UA has been on probation TWICE in the last 15 years, once for 2 years(should have been 3 per the original ruling) and 5 years (UA's latest cheating incident).

What more proof of a cheating tradition do you want?  UA has been hammered more than any school in the SEC.  Almost every coach you have had including the Bear was accused of cheating... all the ones that the biggest cover up artist, Mal Moore, kept around long enough to be accused....Pick your poison David and Kevin.  Facts are facts and Alabama Football has a storied past of cheating.

Red


----------



## Dudley Do-Wrong (Sep 23, 2008)

> The rule states nothing more than a "hello".

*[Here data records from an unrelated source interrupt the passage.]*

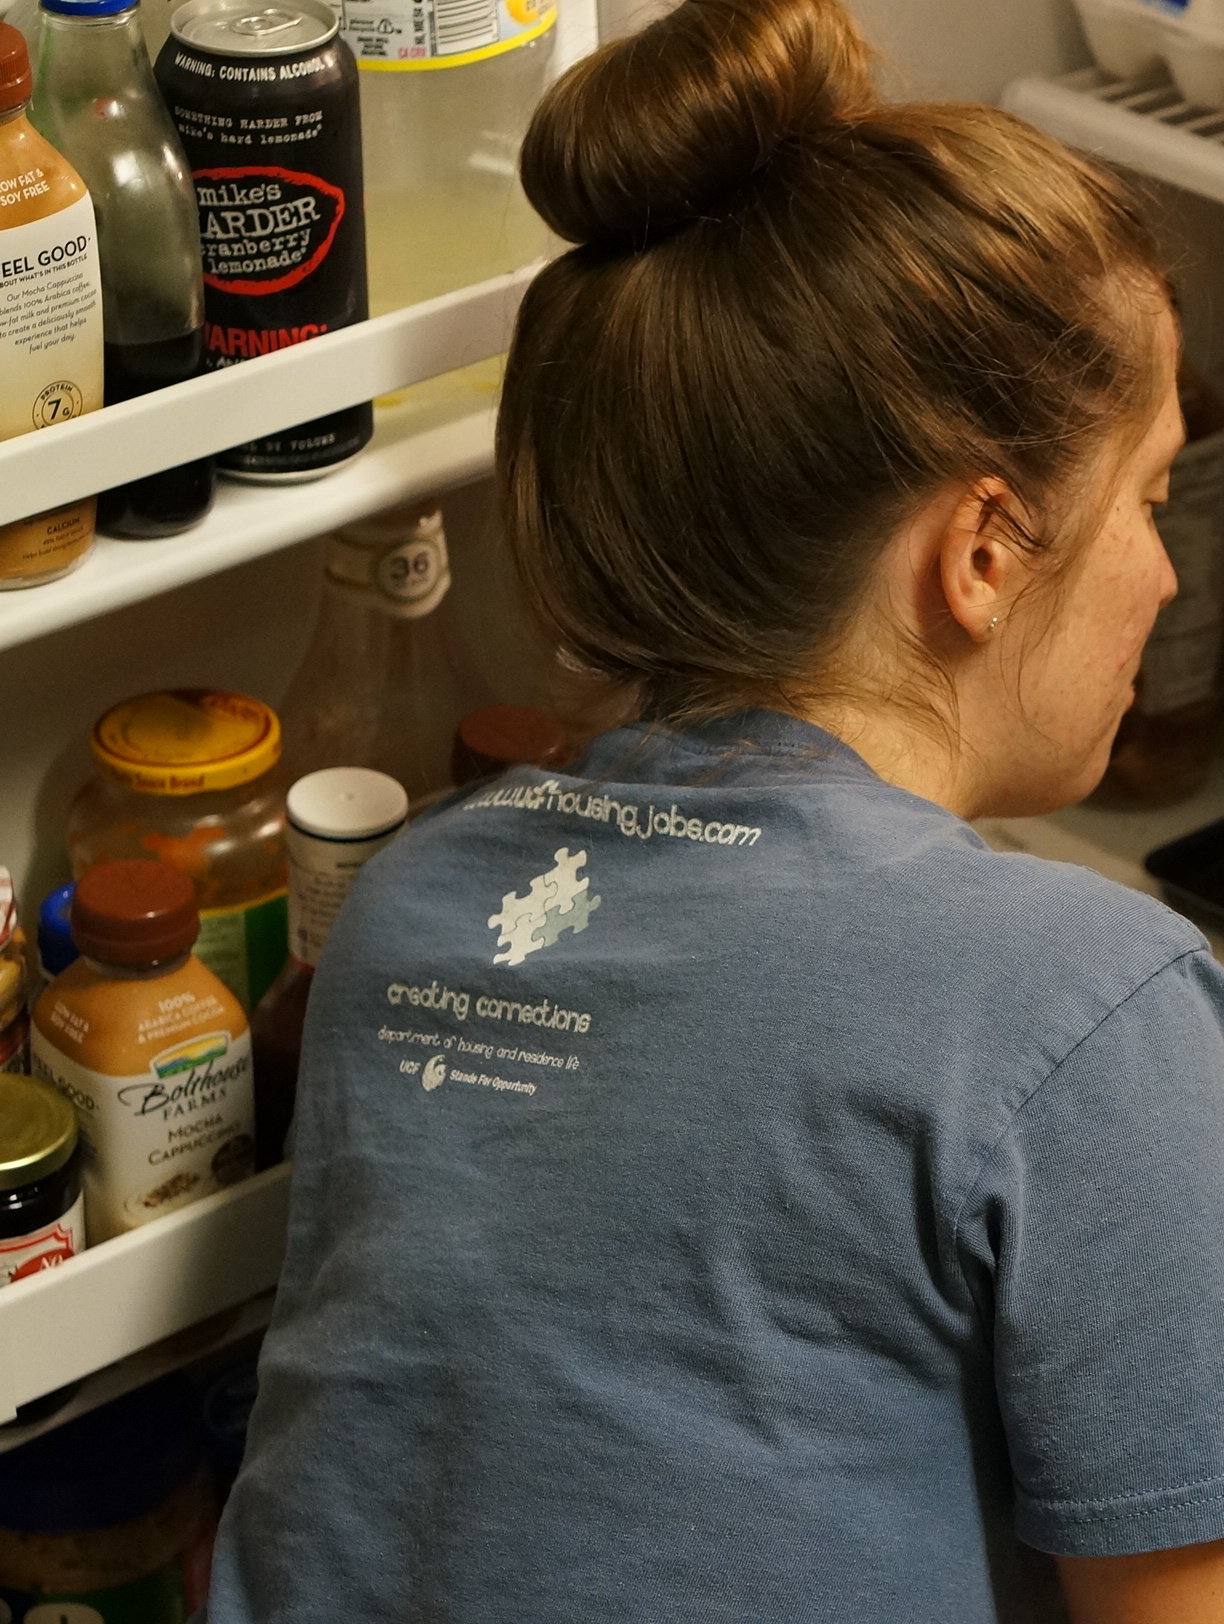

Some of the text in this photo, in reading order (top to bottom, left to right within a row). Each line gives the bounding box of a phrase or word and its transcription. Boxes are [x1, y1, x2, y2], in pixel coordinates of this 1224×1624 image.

[174, 51, 216, 78] WARNING:
[219, 65, 277, 82] CONTAINS
[174, 105, 323, 130] SOMETHING HARDER FROM
[178, 121, 214, 141] mike's
[220, 131, 253, 145] hard
[0, 167, 45, 193] OW FAT &
[0, 180, 51, 207] SOY FREE
[196, 182, 282, 207] mike's
[200, 196, 322, 240] ARDER
[0, 252, 88, 289] BOUT WHAT'S IN THIS BOTTLE
[1, 235, 88, 279] EEL GOOD
[6, 272, 84, 303] Our Mocha Cappuccino
[23, 297, 43, 309] 100%
[44, 289, 71, 303] Arabica
[7, 325, 31, 337] create
[37, 311, 75, 328] deliciously
[75, 301, 97, 316] smooth
[20, 311, 35, 322] milk
[35, 304, 50, 317] and
[50, 298, 80, 314] premium
[80, 289, 97, 302] cocoa
[14, 317, 88, 346] experience that helps
[28, 343, 43, 355] fuel
[43, 337, 60, 350] your
[40, 383, 73, 401] PROTEIN
[46, 517, 81, 535] CALCIUM
[390, 551, 430, 580] 36
[158, 991, 196, 1013] 100%
[387, 979, 592, 1034] creating connections
[377, 1024, 580, 1070] department of housing and residence life
[399, 1059, 538, 1097] UCF Stands For Opportunity
[162, 1089, 227, 1121] FARMS

The rules don't say that, please read below.  You asked me if I know how to read, I suppose I should ask you the same question.  Better yet, maybe your reading comprehension should be questioned.  I'm sure you will apply YOUR definition of this rule, but the NCAA wrote it and I'm more concerned with their definition.  Evidently, they didn't confer with you in their interpretation.

DEFINITIONS
Contact
A contact is any face-to-face encounter between a prospect or the prospect’s parents, relatives or legal guardian(s) and an institutional staff member or athletics representative during which any dialogue occurs in excess of an exchange of a greeting. Any such face-to-face encounter that is prearranged (e.g., positions himself/herself in a location where contact is possible) or that takes place on the grounds of the prospect’s educational institution or at the site of organized competition or practice involving the prospect or the prospect’s high school, preparatory school, two-year college or all-star team shall be considered a contact, regardless of whether any conversation occurs. However, an institutional staff member or athletics representative who is approached by a prospect or the prospect’s parents, relatives or legal guardian(s) at any location shall not use a contact, provided the encounter was not prearranged and the staff member or athletics representative does not engage in any dialogue in excess of a greeting and takes appropriate steps to immediately terminate the encounter.

Head Football Coach Restrictions - Off-Campus Contact - Football Bowl Subdivision (formerly Division I-A)
The head coach may make in-person, off-campus contact with a prospect or the prospect’s relatives or legal guardian(s) only during one calendar day. It is permissible for this contact to occur both at the
site of the prospect’s educational institution and away from the institutional grounds. During such contact, the head coach may be accompanied by an assistant(s) who otherwise is required to observe the
restrictions contained in the bylaws.


----------



## Dudley Do-Wrong (Sep 23, 2008)

What book are you talking about?

Read what you posted:


> He openly admitted his longstanding cheating and buying of players in his book about his life and times as head coach at Texas A&M prior to coming to Alabama.


 Notice you have quoted "prior to coming to Alabama".  Not that it's any excuse, I'll stick my neck out and say that nearly every school was "buying" players at one time.  (Except of UGA of course)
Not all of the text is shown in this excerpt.